Cambridge University medical school department

The MRC Mitochondrial Biology Unit (formerly the MRC Dunn Human Nutrition Unit) is a department of the School of Clinical Medicine at the University of Cambridge, funded through a strategic partnership between the Medical Research Council and the University. It is located at the Addenbrooke’s Hospital / Cambridge Biomedical Campus site in Cambridge, England. The unit is concerned with the study of the mitochondrion, as this organelle has a varied and critical role in many aspects of eukaryotic metabolism and is implicated in many metabolic, degenerative, and age-related human diseases.

==History==
The Unit was founded in 1927 using a donation from Sir William Dunn, who left £1 million to charity on his death in 1912. Part of this money was used to fund what was then called the Dunn Nutritional Laboratory, with its research supported by the Medical Research Council (MRC). Its original research focus was to investigate the role of vitamins in human health.
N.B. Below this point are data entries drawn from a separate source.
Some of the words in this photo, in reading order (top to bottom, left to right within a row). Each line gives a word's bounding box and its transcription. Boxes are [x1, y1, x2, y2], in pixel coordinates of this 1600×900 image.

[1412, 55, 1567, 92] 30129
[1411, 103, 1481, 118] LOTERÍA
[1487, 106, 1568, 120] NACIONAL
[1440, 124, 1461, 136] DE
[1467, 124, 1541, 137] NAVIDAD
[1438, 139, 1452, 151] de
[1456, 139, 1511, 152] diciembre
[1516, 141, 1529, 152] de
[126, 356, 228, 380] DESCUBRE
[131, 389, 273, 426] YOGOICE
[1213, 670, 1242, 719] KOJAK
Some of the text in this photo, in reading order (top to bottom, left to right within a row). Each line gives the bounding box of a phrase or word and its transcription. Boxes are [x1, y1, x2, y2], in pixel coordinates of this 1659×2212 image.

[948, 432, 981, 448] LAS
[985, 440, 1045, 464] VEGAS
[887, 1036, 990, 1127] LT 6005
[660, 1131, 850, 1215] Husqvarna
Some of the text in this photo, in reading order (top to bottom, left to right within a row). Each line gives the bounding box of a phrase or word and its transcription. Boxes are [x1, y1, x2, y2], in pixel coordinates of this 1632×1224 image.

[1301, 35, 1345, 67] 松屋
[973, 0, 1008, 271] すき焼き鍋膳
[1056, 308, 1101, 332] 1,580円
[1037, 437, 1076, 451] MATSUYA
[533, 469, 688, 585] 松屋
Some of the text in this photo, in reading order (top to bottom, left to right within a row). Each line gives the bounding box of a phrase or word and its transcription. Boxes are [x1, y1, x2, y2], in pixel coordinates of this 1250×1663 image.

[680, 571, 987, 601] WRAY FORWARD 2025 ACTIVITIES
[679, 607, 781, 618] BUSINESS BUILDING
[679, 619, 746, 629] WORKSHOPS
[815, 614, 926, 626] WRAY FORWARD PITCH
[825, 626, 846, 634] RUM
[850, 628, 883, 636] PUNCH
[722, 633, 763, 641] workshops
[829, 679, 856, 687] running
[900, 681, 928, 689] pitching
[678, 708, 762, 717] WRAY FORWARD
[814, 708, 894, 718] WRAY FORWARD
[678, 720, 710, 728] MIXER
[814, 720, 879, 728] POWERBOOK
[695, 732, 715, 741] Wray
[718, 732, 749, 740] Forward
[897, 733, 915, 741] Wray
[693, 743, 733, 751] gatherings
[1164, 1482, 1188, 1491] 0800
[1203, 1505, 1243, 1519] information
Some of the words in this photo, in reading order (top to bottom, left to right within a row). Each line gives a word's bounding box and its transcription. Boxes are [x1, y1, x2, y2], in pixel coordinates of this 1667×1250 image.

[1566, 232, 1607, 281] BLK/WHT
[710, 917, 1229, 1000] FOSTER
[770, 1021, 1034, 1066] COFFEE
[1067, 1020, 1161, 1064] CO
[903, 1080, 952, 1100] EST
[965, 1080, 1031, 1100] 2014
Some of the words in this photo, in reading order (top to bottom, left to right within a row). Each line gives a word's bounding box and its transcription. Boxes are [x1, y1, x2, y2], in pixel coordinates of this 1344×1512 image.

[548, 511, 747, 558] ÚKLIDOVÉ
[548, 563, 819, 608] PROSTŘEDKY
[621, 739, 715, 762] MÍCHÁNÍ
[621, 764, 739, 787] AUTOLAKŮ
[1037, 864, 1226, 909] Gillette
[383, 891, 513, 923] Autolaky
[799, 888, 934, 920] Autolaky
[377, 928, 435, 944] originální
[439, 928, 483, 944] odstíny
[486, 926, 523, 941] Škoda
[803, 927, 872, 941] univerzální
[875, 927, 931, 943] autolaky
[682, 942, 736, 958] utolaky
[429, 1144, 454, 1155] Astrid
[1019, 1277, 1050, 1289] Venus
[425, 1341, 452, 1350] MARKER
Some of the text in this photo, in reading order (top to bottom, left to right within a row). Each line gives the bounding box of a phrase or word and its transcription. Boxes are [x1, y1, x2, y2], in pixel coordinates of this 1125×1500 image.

Under the directorship of Egon Kodicek this focus changed to more general nutritional research. The Unit was restructured in 1998 under the directorship of Professor Sir John Walker to focus on mitochondrial research. The Unit was renamed in 2009 to the Mitochondrial Biology Unit to reflect its mitochondrial expertise. In March 2017 the Unit was transferred from the MRC to the University of Cambridge. The current director of the Unit is Professor Judy Hirst.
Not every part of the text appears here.